Progressive groups make last blue push to oust Rep. Tom McClintock from office

Democratic frontrunner Jessica Morse stands to benefit the most from voter turnout campaign

A grassroots campaign to dethrone longtime Rep. Tom McClintock is coalescing around a group of Placer County-area organizations trying to turn California’s fourth congressional district from red to blue.

The Sacramento Central Labor Council, Flip the 14 and California Away Team have created a field campaign made up of progressive organizations such as Indivisible Auburn, Indivisible Sierra Nevada and El Dorado Progressives, among others, to target infrequent voters in the fourth district. The groups’ new district action council will conduct eight door-to-door canvasses after just 27.1 percent of eligible voters participated in the last midterm primary election. Sean Frame, the founder of El Dorado Progressives, figures this race will be decided by less than 5,000 votes, making it essential to get independent and young voters to the polls.

Suz Eckes, co-chair of the district action council, questioned McClintock’s environmental record and his representation of a portion of the state that stretches from the Sierras to Yosemite.

“Our district is Lake Tahoe and Yosemite,” Eckes said. “It’s insane that we have someone who’s a climate change denier as the steward of those places.”

California’s fourth congressional district has been a Republican stronghold since 1993, but some political experts are beginning to doubt whether CA-04 is as safely Republican as history would suggest. Sabato’s Crystal Ball, a nonpartisan election forecaster, recently downgraded McClintock’s reelection chances from safe to likely. The Cook Political Report expressed the same doubts in the former Breitbart op-ed columnist’s reelection chances, humbling the district from solid Republican to likely Republican.
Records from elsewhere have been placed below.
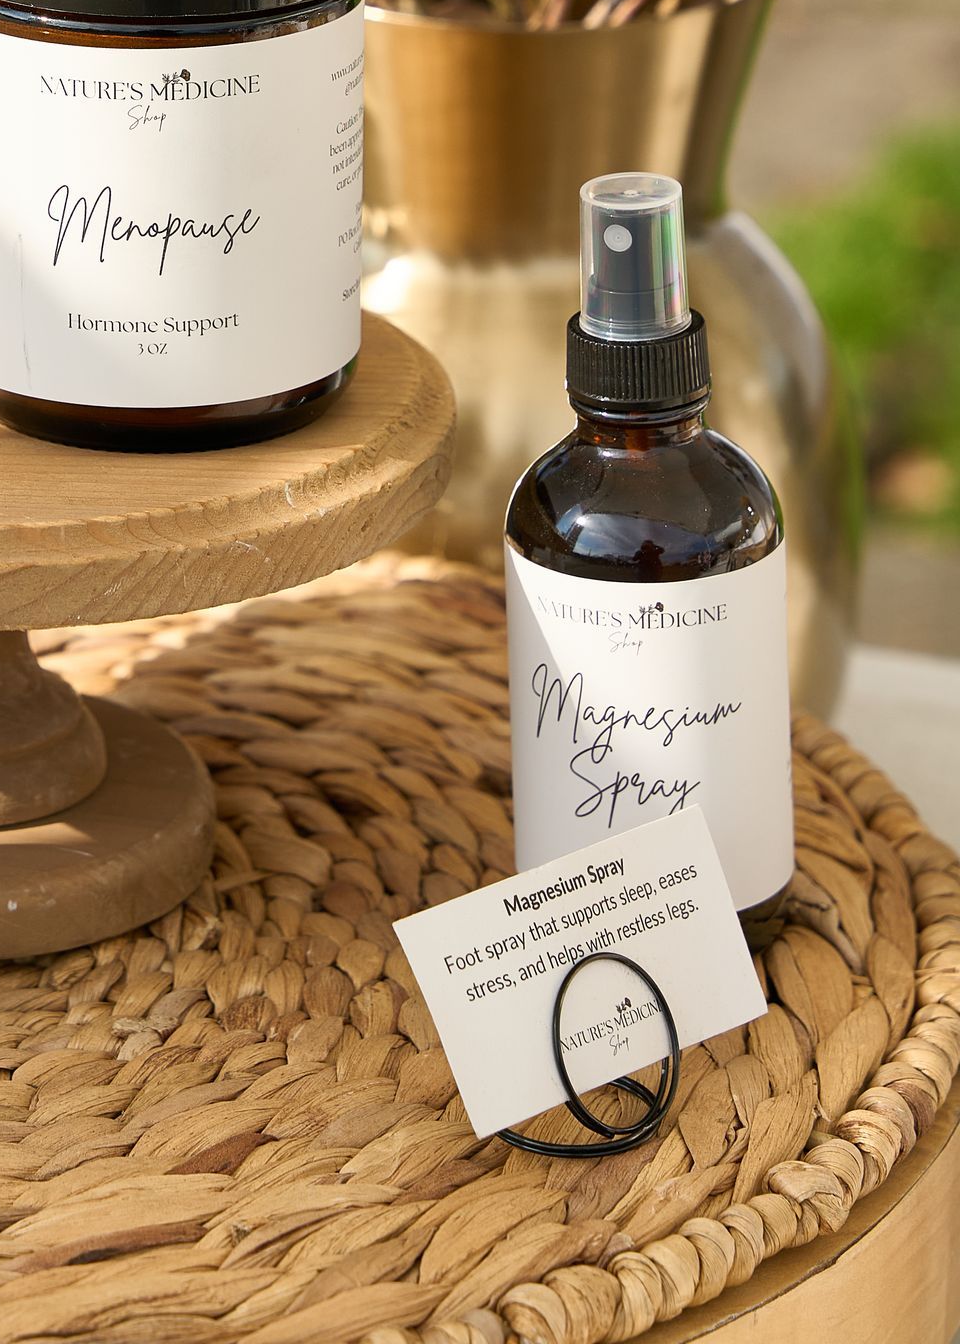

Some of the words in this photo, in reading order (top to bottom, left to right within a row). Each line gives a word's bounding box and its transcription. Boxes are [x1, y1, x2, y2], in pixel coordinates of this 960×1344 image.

[40, 74, 144, 101] NATURE'S
[150, 73, 261, 102] MEDICINE
[127, 105, 167, 132] Shop
[47, 184, 261, 276] Menopause
[68, 313, 158, 334] Hormone
[163, 312, 240, 337] Support
[138, 342, 144, 356] 3
[147, 342, 168, 356] OZ
[537, 596, 623, 628] NATURE'S
[628, 603, 728, 629] MEDICINE
[608, 631, 644, 656] Shop
[531, 663, 742, 764] Magnesium
[502, 870, 588, 917] Magnesium
[587, 857, 626, 885] Spray
[443, 946, 483, 975] Foot
[484, 934, 527, 961] spray
[528, 919, 560, 943] that
[560, 896, 619, 932] supports
[618, 880, 658, 910] sleep,
[657, 863, 699, 891] eases
[465, 972, 518, 1003] stress,
[519, 955, 547, 982] and
[546, 942, 586, 971] helps
[585, 927, 617, 956] with
[616, 909, 668, 941] restless
[666, 895, 700, 926] legs.
[559, 1019, 615, 1054] NATURE'S
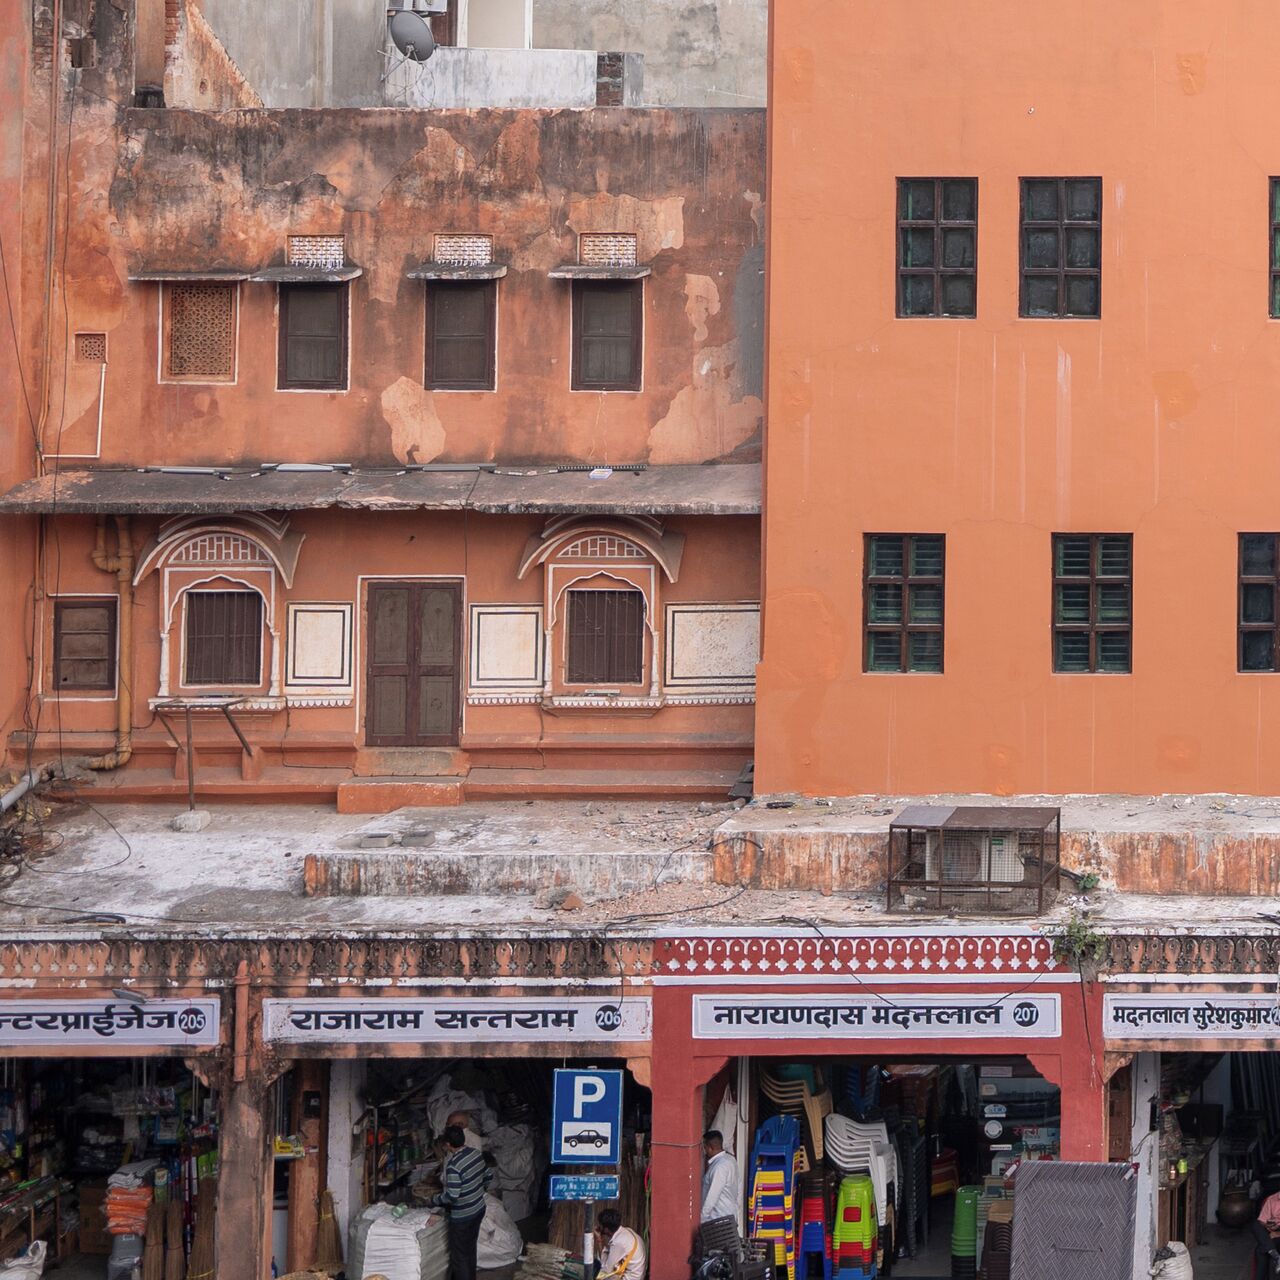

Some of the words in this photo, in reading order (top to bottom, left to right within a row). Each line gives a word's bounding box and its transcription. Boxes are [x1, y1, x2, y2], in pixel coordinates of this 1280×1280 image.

[179, 1013, 206, 1031] 205
[288, 1010, 424, 1031] राजाराम
[435, 1010, 579, 1031] सन्तराम
[595, 1010, 622, 1026] 206
[714, 1006, 867, 1029] नारायणदास
[872, 1006, 1003, 1029] मदनलाल
[1013, 1007, 1039, 1023] 207
[1113, 1006, 1190, 1027] मदनलाल
[573, 1076, 606, 1119] P
“With the surging democratic enthusiasm in the suburbs and nothing to run on but a toxic Republican agenda that puts powerful special interests over California families—it is no wonder that Tom McClintock is vulnerable,” said Democratic Congressional Campaign Committee spokesperson Amanda Sherman in a statement.

Democratic frontrunner Jessica Morse stands to benefit the most from the district action council’s work. Endorsed by the Democratic Party of California, the former national security analyst has out-raised McClintock three quarters in a row and holds a cash-on-hand advantage of $715,094 to $675,811. Morse drew parallels between her campaign and Charlie Brown’s near-defeat of McClintock in the career politician’s first campaign for a congressional seat. “In 2008, Charlie Brown raised $2.5 million and came within half a percentage point of beating Tom McClintock,” Morse said. “Our campaign has [already] raised over $1 million, 78 percent coming from small-dollar donors.”

The race also includes Democrats Regina Bateson, Robert Lawton and Roza Calderon, and one Republican, Mitchell White.